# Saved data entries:
+++

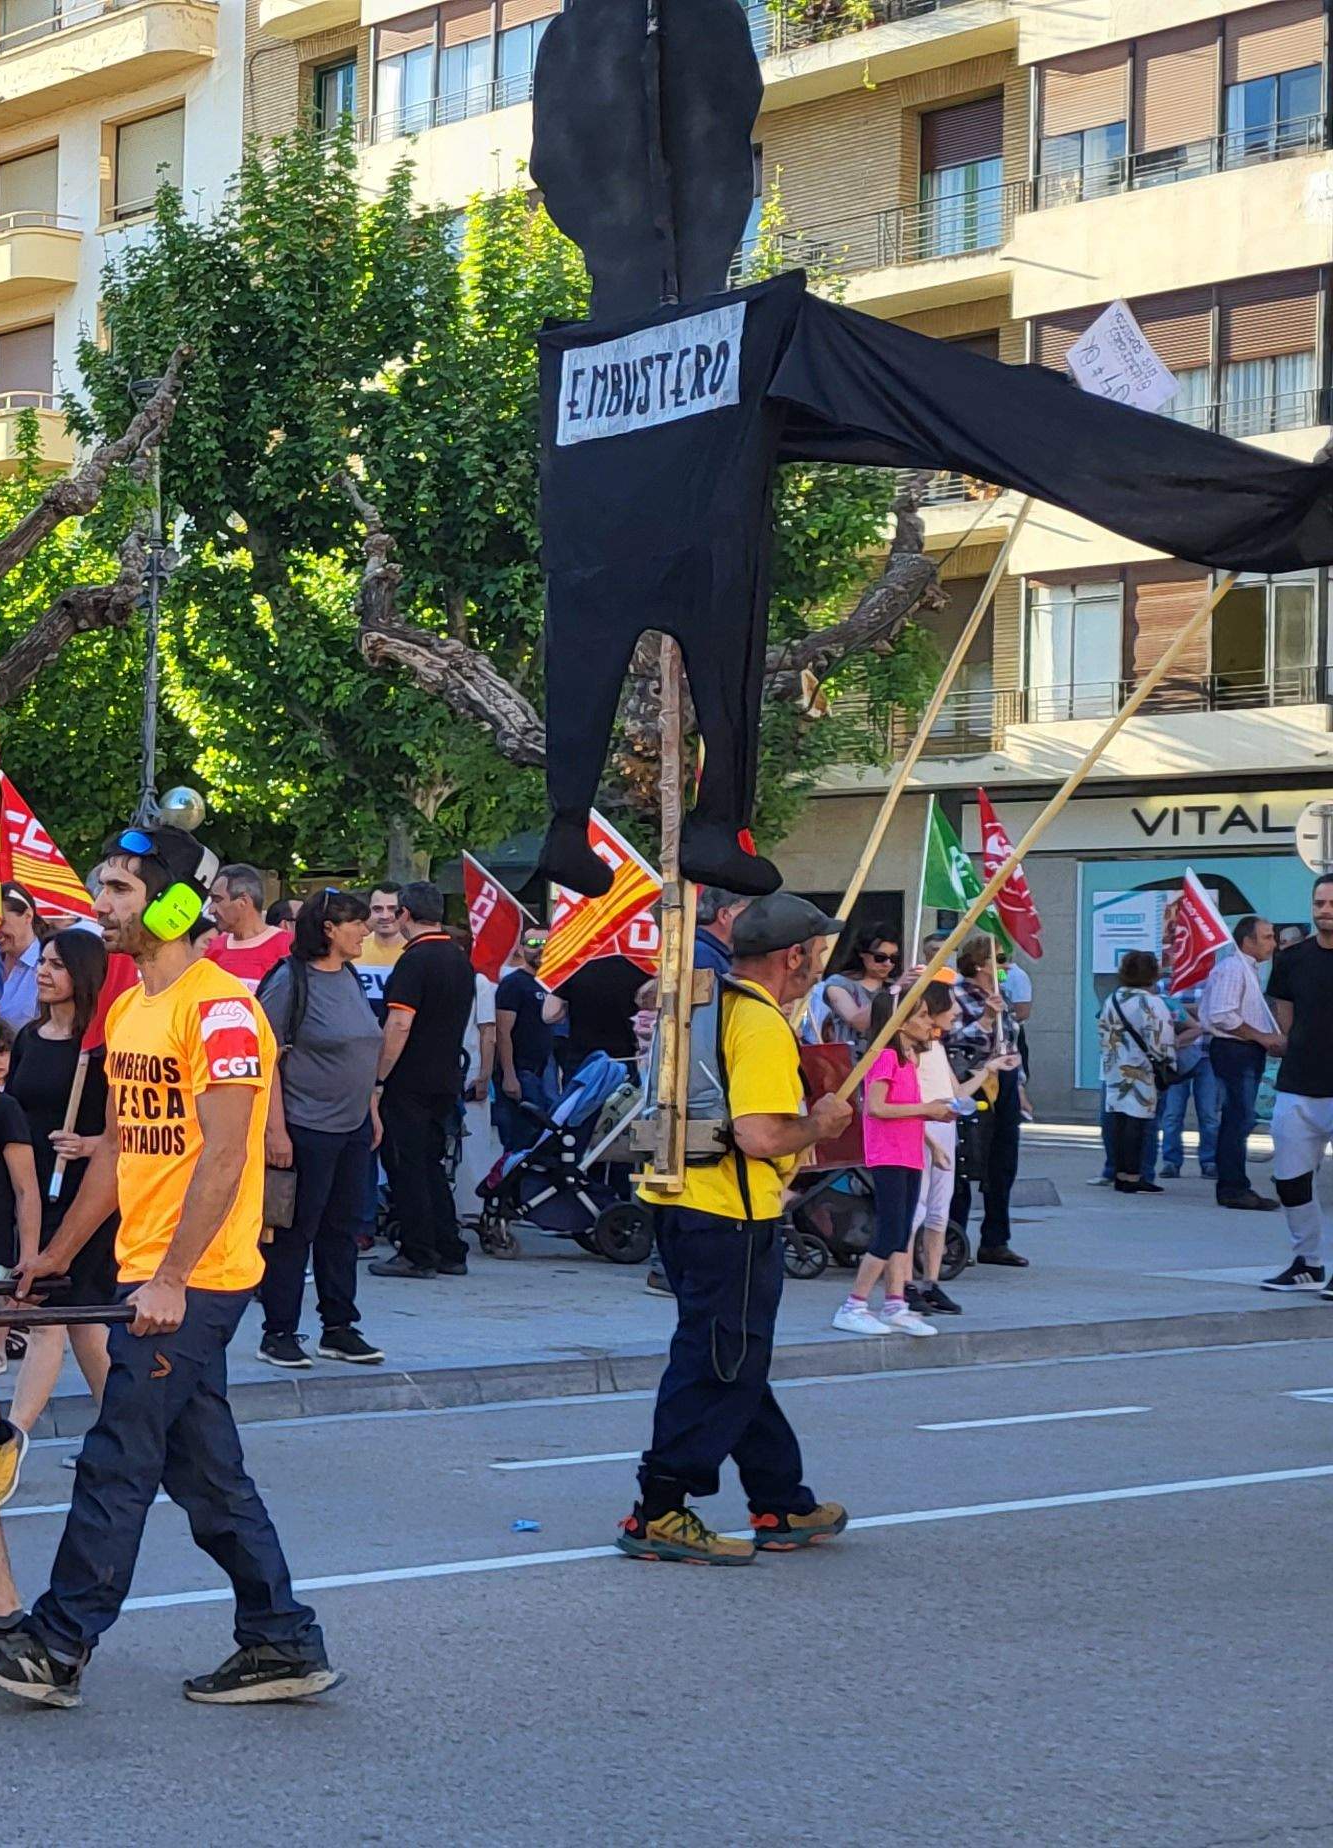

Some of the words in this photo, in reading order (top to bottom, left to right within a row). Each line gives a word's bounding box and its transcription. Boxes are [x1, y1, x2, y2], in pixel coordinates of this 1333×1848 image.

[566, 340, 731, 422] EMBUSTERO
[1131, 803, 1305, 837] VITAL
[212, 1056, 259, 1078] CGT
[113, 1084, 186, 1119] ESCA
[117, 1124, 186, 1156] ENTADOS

+++

# Task instructions:
Quote the data exactly, leaving every image out of the copy.

# Your solution:
Some of the words in this photo, in reading order (top to bottom, left to right within a row). Each line gives a word's bounding box and its transcription. Boxes are [x1, y1, x2, y2], in pixel coordinates of this 1333×1848 image.

[566, 340, 731, 422] EMBUSTERO
[1131, 803, 1305, 837] VITAL
[212, 1056, 259, 1078] CGT
[113, 1084, 186, 1119] ESCA
[117, 1124, 186, 1156] ENTADOS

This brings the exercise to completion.